Wang, Lili; Zhou, Jianhua; Xin, Yongning; Geng, Changxin; Tian, Zibin; Yu, Xinjuan; Dong, Quanjiang

European Journal of Gastroenterology & Hepatology: March 2016 - Volume 28 - Issue 3 - p 261–266
doi: 10.1097/MEG.0000000000000542
Original Articles: Gastro-oesophageal Disorders

Objective Microbiota is potentially linked to the development of cancer. However, the features of microbiota in gastric cancer remain unclear. The aim of this study was to characterize the gastric microbiota in cancer.

Methods A total of 315 patients, including 212 patients with chronic gastritis and 103 patients with gastric cancer, were enrolled in the study. The bacterial load of gastric mucosa was determined using quantitative PCR. To analyze the biodiversity, structure, and composition of microbiota, amplicons of the 16S rRNA gene from 12 patients were pyrosequenced. The sequences were processed and subsequently analyzed.
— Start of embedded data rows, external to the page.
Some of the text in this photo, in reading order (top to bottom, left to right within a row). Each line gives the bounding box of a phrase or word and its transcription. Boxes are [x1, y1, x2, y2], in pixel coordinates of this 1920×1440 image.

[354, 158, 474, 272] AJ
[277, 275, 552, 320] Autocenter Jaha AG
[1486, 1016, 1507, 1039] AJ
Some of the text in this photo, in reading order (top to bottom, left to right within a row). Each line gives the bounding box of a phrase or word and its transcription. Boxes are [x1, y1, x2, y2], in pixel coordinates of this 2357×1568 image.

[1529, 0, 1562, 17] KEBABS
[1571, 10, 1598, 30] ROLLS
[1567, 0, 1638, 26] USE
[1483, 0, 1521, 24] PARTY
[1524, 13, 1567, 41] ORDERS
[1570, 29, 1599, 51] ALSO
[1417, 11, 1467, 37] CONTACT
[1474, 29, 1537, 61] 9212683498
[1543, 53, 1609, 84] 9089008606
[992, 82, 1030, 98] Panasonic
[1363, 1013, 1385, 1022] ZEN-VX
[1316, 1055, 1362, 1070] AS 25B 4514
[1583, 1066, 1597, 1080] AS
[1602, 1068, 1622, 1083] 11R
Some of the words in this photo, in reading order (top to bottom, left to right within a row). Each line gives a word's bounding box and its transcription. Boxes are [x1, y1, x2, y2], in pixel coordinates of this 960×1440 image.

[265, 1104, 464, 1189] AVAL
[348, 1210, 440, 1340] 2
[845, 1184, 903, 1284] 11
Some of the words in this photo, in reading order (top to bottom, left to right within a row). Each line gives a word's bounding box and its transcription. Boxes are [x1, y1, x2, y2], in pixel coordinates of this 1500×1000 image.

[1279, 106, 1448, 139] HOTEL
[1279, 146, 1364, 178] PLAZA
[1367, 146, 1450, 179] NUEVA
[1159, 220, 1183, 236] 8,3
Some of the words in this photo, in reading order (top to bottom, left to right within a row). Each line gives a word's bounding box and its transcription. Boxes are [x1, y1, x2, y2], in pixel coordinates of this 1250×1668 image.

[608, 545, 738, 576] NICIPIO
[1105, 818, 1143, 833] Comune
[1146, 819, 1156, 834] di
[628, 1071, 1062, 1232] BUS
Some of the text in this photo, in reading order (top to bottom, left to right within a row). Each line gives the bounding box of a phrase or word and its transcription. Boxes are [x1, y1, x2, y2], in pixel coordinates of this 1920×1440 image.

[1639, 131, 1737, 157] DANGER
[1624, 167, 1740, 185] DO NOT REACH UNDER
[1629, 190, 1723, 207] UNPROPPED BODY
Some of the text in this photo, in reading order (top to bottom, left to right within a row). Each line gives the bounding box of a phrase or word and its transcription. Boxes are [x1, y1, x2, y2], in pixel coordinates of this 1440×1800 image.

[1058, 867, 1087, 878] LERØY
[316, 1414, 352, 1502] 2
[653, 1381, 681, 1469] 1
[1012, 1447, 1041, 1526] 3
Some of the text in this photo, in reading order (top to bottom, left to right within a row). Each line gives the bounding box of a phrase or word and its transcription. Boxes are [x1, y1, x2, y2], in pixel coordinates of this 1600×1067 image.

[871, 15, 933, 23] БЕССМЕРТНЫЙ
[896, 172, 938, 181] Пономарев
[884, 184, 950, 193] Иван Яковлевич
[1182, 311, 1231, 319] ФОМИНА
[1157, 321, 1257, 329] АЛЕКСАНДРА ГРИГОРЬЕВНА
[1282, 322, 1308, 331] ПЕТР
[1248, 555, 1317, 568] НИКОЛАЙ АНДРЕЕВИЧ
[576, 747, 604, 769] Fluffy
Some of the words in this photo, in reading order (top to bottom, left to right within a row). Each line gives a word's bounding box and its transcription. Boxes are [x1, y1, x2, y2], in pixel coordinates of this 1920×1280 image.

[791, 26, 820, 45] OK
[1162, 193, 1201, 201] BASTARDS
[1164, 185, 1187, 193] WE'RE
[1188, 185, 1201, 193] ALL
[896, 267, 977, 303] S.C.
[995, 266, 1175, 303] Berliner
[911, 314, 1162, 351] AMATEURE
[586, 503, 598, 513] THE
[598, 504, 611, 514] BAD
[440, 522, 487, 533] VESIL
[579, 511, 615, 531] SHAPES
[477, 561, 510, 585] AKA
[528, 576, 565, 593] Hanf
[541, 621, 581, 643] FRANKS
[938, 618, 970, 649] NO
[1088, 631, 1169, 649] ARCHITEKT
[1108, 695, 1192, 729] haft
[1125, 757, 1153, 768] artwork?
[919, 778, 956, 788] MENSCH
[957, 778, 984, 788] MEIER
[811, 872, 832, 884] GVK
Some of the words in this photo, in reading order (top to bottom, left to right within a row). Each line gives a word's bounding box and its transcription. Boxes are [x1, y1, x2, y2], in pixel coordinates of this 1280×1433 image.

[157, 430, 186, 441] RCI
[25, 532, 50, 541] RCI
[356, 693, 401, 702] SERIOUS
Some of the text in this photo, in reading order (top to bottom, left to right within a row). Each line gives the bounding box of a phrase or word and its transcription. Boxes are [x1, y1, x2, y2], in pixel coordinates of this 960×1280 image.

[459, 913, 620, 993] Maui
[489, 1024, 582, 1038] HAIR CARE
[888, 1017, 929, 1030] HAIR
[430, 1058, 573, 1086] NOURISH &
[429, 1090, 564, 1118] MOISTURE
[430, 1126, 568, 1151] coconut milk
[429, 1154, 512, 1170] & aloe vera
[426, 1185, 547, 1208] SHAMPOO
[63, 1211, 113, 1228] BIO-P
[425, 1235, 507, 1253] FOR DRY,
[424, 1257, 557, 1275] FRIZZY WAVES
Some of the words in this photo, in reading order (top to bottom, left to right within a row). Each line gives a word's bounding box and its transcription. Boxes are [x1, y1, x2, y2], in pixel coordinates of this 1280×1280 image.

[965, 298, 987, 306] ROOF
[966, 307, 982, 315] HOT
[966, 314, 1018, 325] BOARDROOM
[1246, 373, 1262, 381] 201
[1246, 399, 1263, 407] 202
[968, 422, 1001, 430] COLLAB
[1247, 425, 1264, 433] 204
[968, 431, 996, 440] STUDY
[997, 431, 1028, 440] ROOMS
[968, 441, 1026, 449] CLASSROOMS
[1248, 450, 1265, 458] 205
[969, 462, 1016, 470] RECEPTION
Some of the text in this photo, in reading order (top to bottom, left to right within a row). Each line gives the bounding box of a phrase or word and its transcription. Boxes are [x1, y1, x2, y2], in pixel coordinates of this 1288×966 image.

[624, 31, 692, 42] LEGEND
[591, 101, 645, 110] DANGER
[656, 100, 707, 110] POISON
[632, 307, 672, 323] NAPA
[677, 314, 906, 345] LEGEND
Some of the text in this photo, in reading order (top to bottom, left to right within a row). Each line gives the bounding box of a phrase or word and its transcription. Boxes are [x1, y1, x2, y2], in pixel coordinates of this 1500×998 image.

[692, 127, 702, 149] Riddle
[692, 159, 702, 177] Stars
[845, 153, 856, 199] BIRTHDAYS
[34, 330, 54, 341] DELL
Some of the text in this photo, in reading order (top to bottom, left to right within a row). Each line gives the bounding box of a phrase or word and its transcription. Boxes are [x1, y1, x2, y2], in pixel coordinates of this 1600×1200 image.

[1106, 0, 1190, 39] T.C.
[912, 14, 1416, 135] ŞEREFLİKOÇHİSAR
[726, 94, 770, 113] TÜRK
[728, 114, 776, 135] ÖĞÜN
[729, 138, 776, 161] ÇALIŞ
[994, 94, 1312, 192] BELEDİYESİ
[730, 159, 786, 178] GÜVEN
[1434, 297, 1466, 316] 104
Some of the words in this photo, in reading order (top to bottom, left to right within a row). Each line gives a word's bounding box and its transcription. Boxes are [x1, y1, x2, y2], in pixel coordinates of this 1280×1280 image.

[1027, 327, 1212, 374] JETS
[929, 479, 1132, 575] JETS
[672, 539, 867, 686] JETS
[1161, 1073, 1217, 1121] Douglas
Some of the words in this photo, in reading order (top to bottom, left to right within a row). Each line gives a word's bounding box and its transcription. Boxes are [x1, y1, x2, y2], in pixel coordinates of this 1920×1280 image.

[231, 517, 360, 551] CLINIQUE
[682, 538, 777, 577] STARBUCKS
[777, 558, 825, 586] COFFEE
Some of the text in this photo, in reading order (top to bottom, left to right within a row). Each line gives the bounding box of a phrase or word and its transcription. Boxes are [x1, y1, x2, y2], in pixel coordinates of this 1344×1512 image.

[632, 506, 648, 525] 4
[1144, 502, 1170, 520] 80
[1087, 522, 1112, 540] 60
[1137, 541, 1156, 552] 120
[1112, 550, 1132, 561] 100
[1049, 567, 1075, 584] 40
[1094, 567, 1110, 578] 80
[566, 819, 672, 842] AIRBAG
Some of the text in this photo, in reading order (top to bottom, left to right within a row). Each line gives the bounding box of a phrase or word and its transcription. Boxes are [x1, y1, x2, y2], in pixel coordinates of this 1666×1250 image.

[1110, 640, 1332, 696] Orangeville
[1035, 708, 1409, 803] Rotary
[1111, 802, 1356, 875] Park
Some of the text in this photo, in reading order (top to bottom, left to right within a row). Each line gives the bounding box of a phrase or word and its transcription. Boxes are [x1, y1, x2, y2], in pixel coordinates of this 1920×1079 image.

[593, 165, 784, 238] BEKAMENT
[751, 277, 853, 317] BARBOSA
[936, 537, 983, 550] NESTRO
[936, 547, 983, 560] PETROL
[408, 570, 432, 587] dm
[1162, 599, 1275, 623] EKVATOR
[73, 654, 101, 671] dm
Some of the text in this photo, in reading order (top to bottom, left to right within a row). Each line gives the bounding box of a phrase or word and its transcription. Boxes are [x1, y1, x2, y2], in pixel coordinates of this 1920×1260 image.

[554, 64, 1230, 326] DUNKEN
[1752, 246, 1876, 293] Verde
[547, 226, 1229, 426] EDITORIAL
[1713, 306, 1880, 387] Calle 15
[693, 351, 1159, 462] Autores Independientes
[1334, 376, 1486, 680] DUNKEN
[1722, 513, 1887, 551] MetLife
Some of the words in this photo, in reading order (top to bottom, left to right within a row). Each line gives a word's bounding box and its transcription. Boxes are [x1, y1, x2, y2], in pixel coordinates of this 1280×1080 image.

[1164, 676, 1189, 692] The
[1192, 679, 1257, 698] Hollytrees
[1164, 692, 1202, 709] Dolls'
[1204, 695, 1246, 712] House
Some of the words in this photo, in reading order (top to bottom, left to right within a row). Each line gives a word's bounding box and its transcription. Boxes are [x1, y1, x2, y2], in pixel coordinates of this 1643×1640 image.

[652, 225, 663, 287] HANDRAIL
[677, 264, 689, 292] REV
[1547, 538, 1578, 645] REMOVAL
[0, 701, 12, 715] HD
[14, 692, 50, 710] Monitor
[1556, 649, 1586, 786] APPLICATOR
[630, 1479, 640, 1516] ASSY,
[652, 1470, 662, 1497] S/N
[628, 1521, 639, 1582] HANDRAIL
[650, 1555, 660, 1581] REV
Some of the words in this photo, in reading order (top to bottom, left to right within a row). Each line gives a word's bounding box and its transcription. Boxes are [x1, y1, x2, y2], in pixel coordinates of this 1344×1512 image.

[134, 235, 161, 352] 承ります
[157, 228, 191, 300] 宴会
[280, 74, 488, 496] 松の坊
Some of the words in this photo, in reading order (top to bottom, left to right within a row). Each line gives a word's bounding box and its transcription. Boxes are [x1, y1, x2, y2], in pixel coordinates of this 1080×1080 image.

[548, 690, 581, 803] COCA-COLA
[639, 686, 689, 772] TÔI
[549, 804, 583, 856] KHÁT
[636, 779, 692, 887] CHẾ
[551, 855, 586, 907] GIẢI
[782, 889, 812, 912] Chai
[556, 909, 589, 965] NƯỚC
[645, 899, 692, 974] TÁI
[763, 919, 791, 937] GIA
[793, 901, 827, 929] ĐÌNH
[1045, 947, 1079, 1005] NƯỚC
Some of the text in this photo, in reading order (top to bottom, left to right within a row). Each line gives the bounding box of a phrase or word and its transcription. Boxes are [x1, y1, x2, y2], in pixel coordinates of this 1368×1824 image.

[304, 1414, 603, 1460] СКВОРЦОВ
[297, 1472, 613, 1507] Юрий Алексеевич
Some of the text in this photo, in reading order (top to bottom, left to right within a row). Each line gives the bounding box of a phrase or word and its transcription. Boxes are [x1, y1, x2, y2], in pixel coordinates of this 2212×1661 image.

Results The amount of bacteria in gastric mucosa was estimated to be 6.9×108 per gram tissue on average. It was higher in Helicobacter pylori-infected patients (7.80±0.71) compared with those uninfected (7.59±0.57, P=0.005). An increased bacterial load up to 7.85±0.70 was detected in gastric cancer compared with chronic gastritis (P=0.001). The unweighted principal coordinate analysis showed that the structure of microbiota in gastric cancer was more diversified. Five genera of bacteria with potential cancer-promoting activities were enriched in gastric cancer. The weighted principal coordinate analysis showed that the presence of Helicobacter pylori markedly altered the structure of microbiota, but had little influence on the relative proportions of the other members in the microbiota.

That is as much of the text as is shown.